Be better than promos
S1:E88

Be better than promos

[00:00:00] You are listening to the Daily Five, an experimental podcast by Aurooba, where I talk about something for five minutes. So let's get to it, shall we? I was listening to a bit of an audio rant inside a community I'm part of, by a designer who runs a really successful one person agency and really what his rant amounted to was:

[00:00:30] You don't have to be for everyone. You don't even have to be for a lot of people. Sometimes you are just for a small group of people, and that small group of people value what you do and how you do it so highly that they're willing to pay you enough money that you don't need to attract the masses. This is the core idea of niching.

[00:00:59] Which is about as popular a concept as weirdly, it is not? And is about as hard to put in practice as it is easy to theoretically understand. Niching requires a lot of patience, and it's about getting razor focussed on exactly who you want to serve and attract. This is not easy. We live in a world that thrives on large numbers, lots of views, lots of likes, lots of followers, lots of clients.

[00:01:36] We want those numbers to be big because as social proof, big numbers are frankly very impressive. And despite knowing that that's not the whole picture, we are still impressed when we see it from others and we still covet having those kinds of numbers for ourselves. It also is one of those things that appears to go against the other very popular piece of advice: about diversification, at least on the surface.

[00:02:11] Diversification says you shouldn't depend on a select few assets to generate your value. You should mitigate that risk, you know, of one of your assets going away or going down by spreading out your investments among lots of smaller buckets. I think people confuse the situations where what is appropriate and when what makes sense.
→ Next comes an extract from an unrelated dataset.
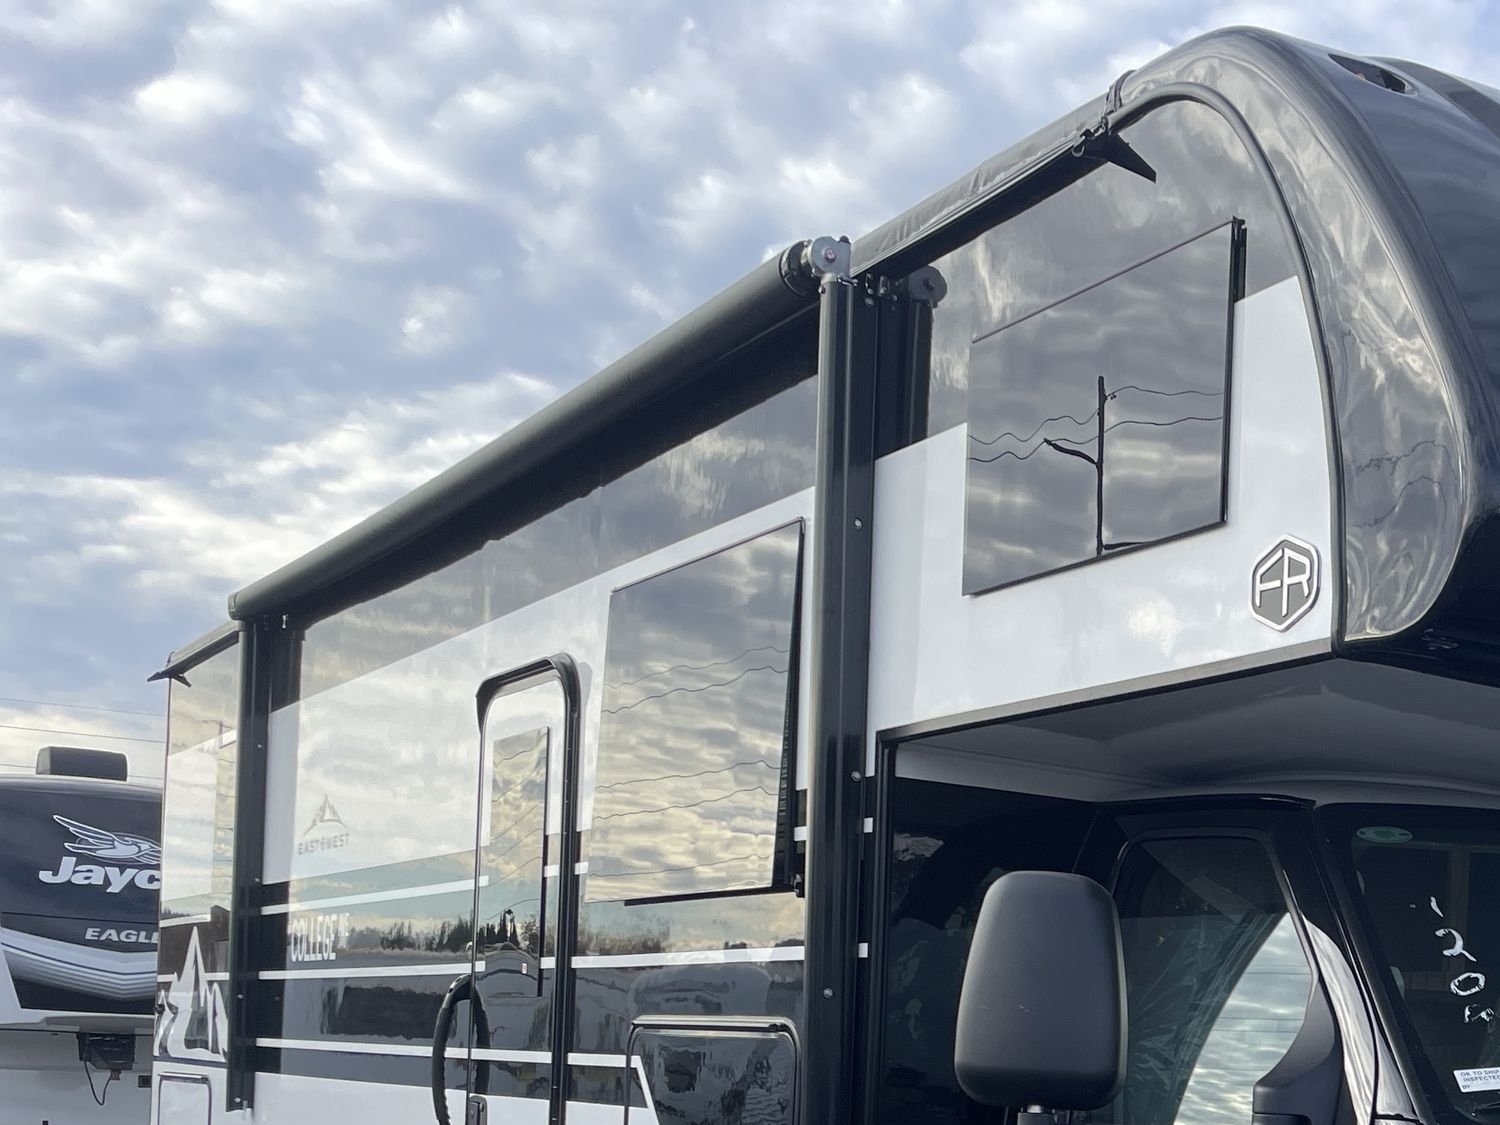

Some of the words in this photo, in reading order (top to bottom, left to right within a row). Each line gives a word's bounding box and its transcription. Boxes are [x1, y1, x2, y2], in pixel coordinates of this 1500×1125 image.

[298, 839, 320, 856] EAST
[326, 832, 350, 850] WEST
[291, 913, 338, 962] COLLEGE
[00:02:37] If you run a service business, niching down and serving a few really is a more effective strategy a lot of the times. If you run a product business, you often do wanna diversify and have more subscribers or buyers that purchase your product. Services are historically higher touch and higher value.
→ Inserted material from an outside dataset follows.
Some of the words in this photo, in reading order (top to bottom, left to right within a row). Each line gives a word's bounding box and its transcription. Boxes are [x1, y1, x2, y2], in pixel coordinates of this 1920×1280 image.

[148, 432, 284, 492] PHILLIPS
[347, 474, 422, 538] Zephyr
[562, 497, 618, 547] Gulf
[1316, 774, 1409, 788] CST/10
[00:03:02] While products are less custom and more mass market. Now this isn't always true, but it is true a lot of the time, and I mean, I haven't even begun to cover the fact that you can niche down and still have a target market of hundreds of thousands of people. Niching is not quite as small as I think sometimes people imagine it to be.

[00:03:35] It is harder to get right, but I think the returns are well worth it. Don't be for everyone. Don't say yes to everyone. Don't chase the vanity metrics just for the sake of those metrics. Numbers matter, don't get me wrong, but use them as part of your tool belt of things that help you evaluate your progress and success.
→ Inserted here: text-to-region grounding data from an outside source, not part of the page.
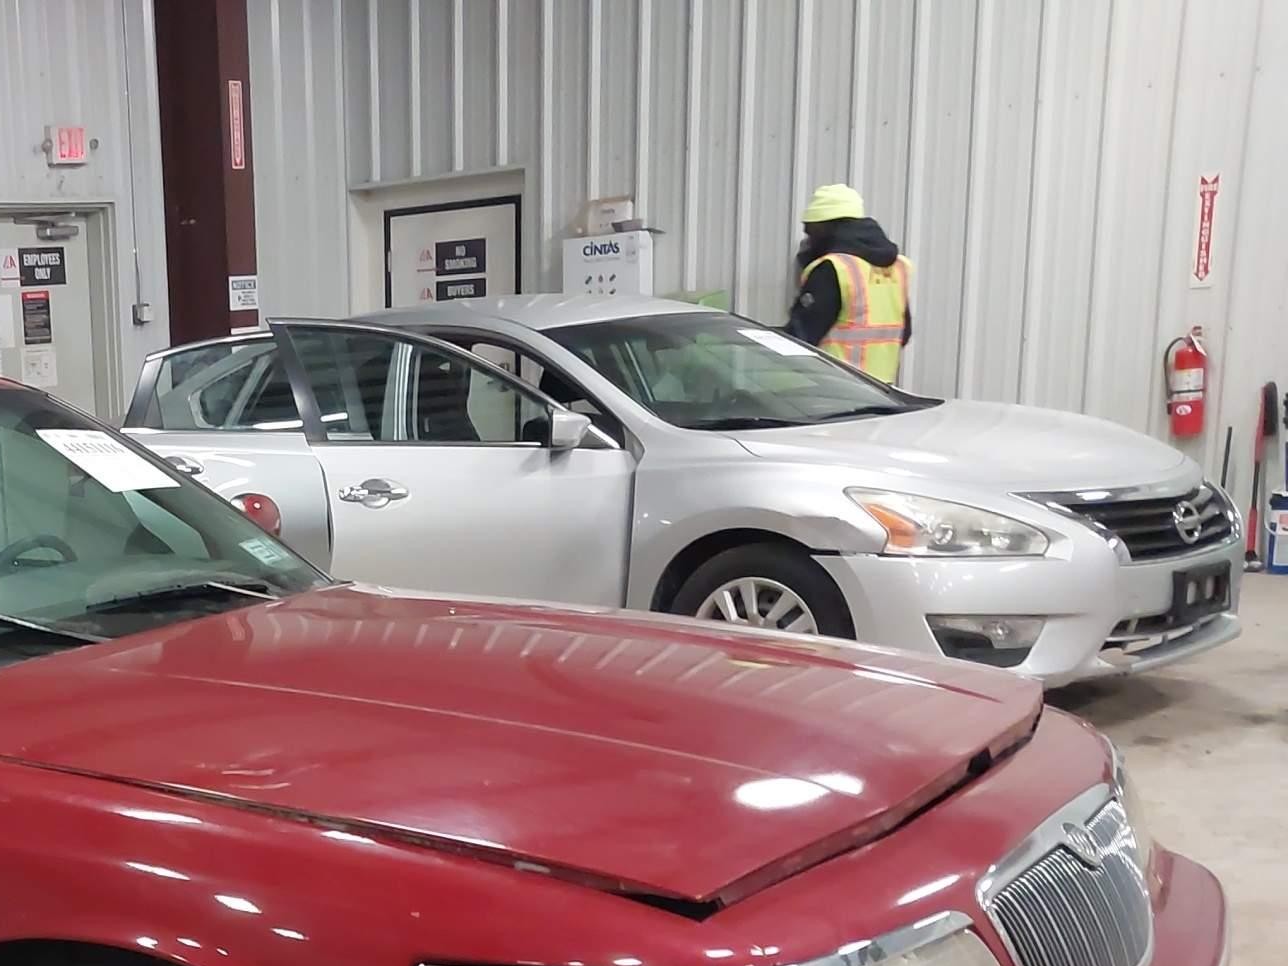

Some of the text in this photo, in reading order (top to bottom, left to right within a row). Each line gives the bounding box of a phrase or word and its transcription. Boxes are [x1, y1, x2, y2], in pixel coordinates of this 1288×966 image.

[1198, 192, 1211, 278] EXTINGUISHER
[23, 253, 61, 266] EMPLOYEES
[34, 267, 51, 280] ONLY
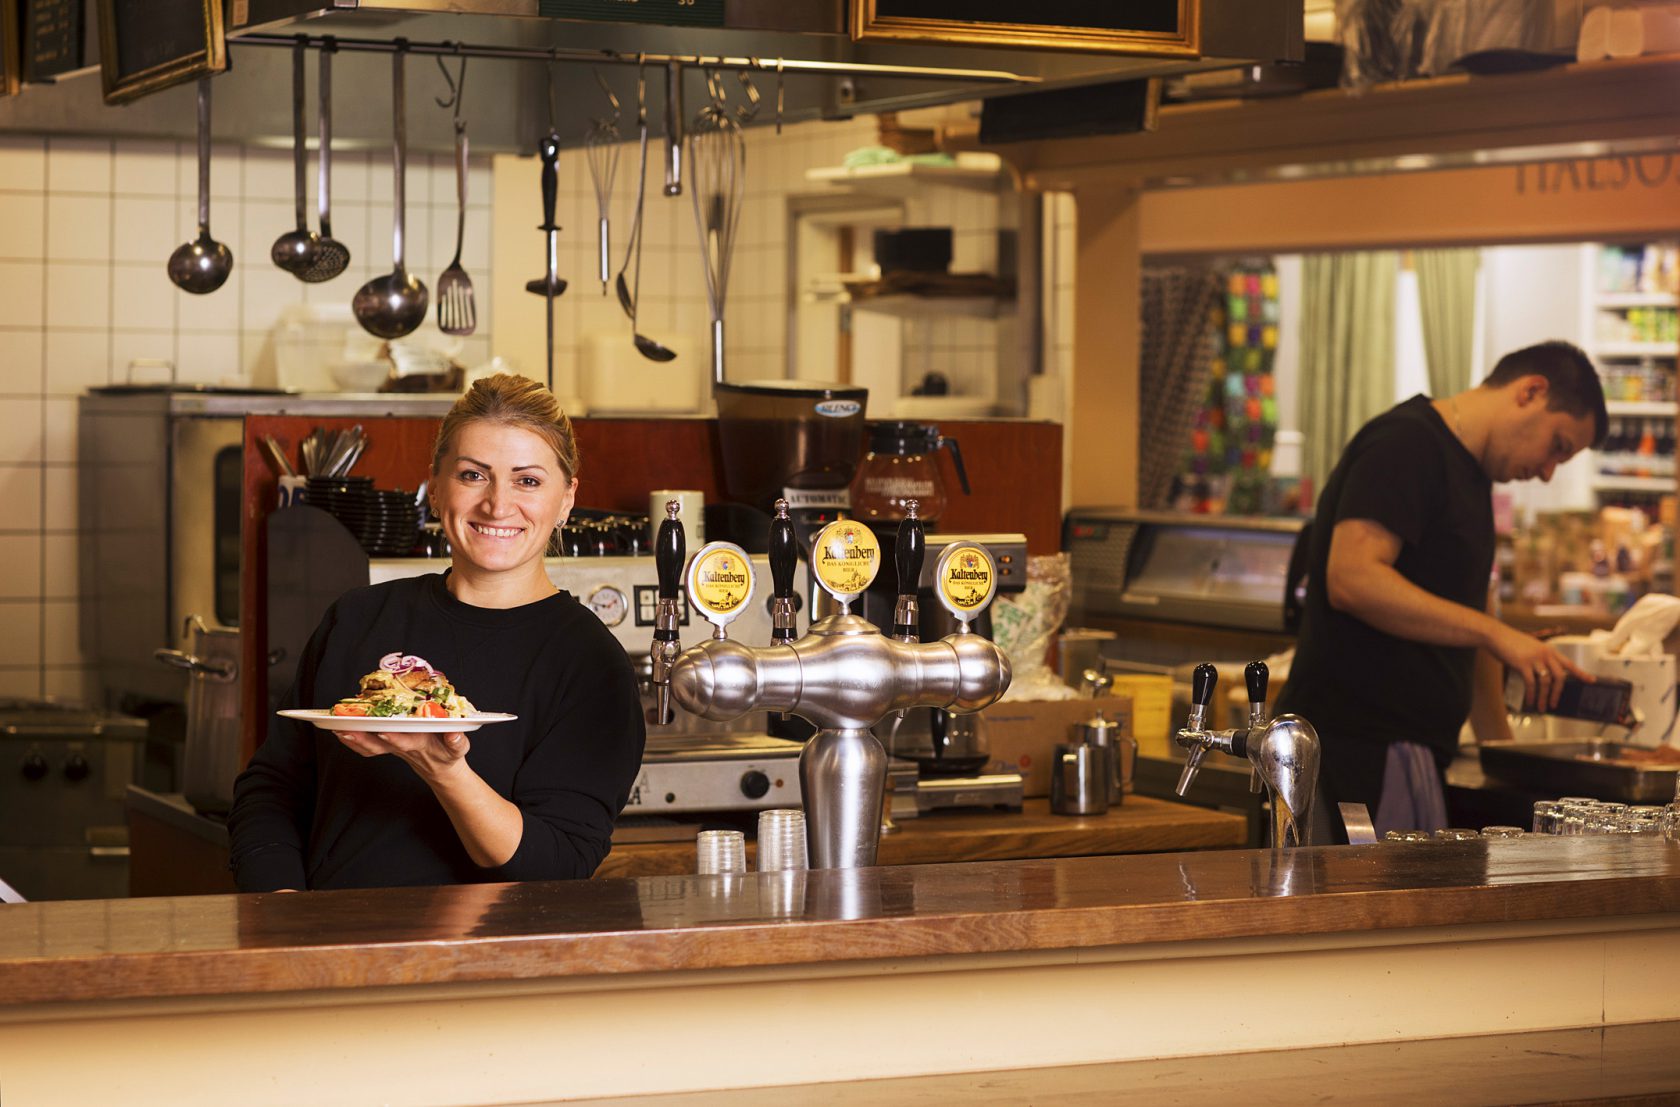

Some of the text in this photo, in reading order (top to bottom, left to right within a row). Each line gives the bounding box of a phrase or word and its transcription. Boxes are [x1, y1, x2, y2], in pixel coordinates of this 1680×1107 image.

[822, 545, 875, 564] Kaenberg
[702, 570, 745, 586] Kaltenberg
[949, 568, 988, 584] Kaltenberg
[00:04:04] Don't be driven by them solely. There is an old post by Seth Godin where he talked about promotion and how there's a lot more promotion now than there used to be, but things don't actually convert – people don't convert more than they used to – and it's because, he said something like, being better is better than promotion and...

[00:04:33] I don't know. That always kind of stuck with me. It's a little bit like, you know, "be so good that they can't ignore you".

[00:04:45] Thanks for listening. Talk to you tomorrow.